* **MATERIAL SUPPLIED**
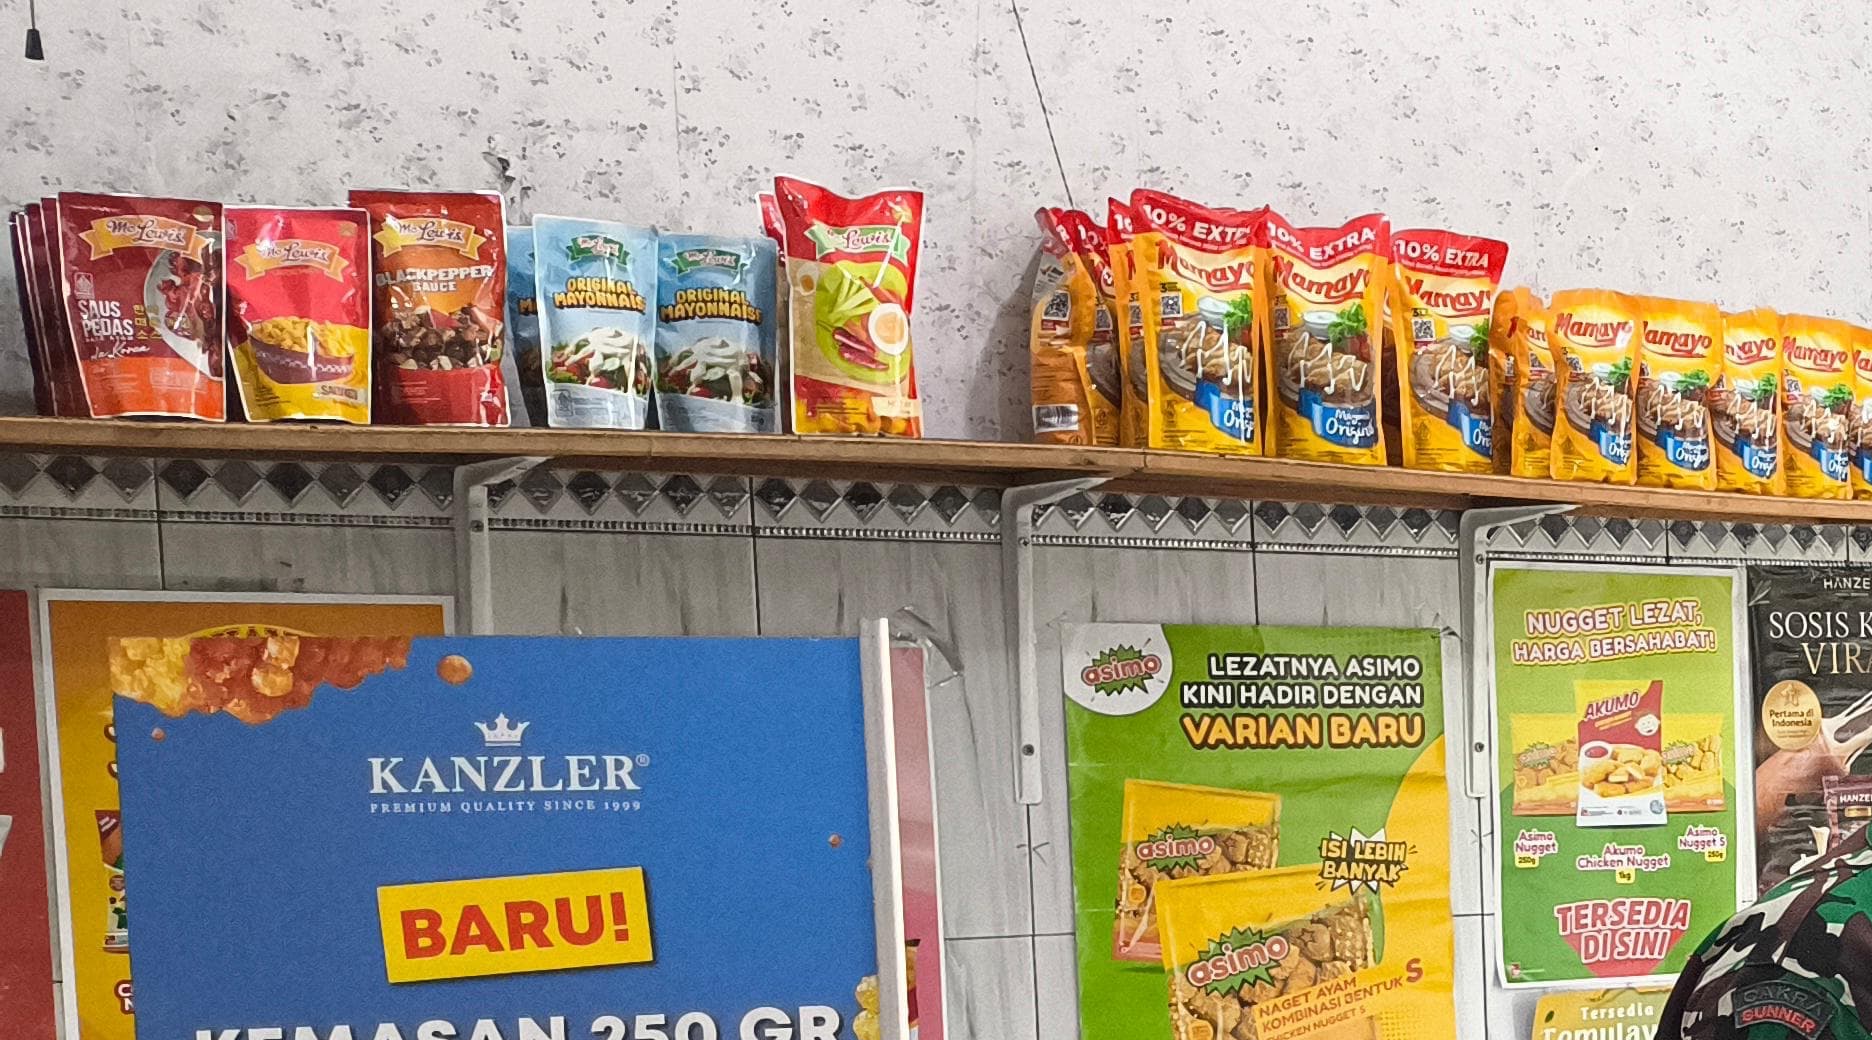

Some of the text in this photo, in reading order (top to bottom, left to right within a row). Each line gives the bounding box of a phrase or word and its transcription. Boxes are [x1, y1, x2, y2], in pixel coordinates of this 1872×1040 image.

[136, 216, 186, 244] Lewis
[1143, 204, 1186, 232] 10%
[417, 220, 464, 242] Lewis
[1267, 221, 1304, 253] 10%
[1309, 227, 1377, 261] EXTRA
[1394, 239, 1489, 268] 10% EXTRA
[376, 265, 493, 287] BLACKPEPPER
[413, 281, 457, 292] SAUCE
[566, 277, 636, 295] ORIGINAL
[554, 291, 646, 315] MAYONNAIS
[676, 288, 750, 306] ORIGINAL
[1404, 275, 1491, 313] Mamay
[78, 300, 121, 318] SAUS
[82, 318, 134, 338] PEDAS
[1782, 336, 1849, 371] Mamayo
[1526, 600, 1703, 635] NUGGET LEZAT,
[1768, 611, 1850, 639] SOSIS
[1513, 629, 1717, 664] HARGA BERSAHABAT!
[1080, 652, 1163, 688] asimo
[1209, 655, 1421, 679] LEZATNYA ASIMO
[1181, 683, 1422, 707] KINI HADIR DENGAN
[1583, 690, 1641, 721] AKUMO
[1769, 709, 1804, 720] Pertama
[1771, 718, 1813, 728] Indonesia
[1182, 714, 1425, 747] VARIAN BARU
[369, 799, 642, 814] PREMIUM QUALITY SINCE 1999
[1518, 831, 1554, 842] Asimo
[1686, 825, 1719, 836] Asimo
[1135, 832, 1216, 860] asimo
[1320, 838, 1408, 862] ISI LEBIH
[1515, 842, 1558, 856] Nugget
[1603, 844, 1644, 856] Akumo
[1679, 837, 1717, 850] Nugget
[1322, 860, 1402, 882] BANYAK
[1577, 855, 1669, 870] Chicken Nugget
[399, 891, 631, 960] BARU!
[1556, 900, 1690, 934] TERSEDIA
[1186, 933, 1289, 988] asimo
[1258, 976, 1357, 1019] NAGET AYAM
[1262, 957, 1424, 1034] KOMBINASI BENTUK S
[1313, 1007, 1357, 1031] NUGGET
[1580, 1002, 1655, 1021] Tersedia

* **WHAT YOU HAVE TO DO**
Go through the data and count every line where the word "ORIGINAL" appears. Give only that count.

* **YOUR RESPONSE**
2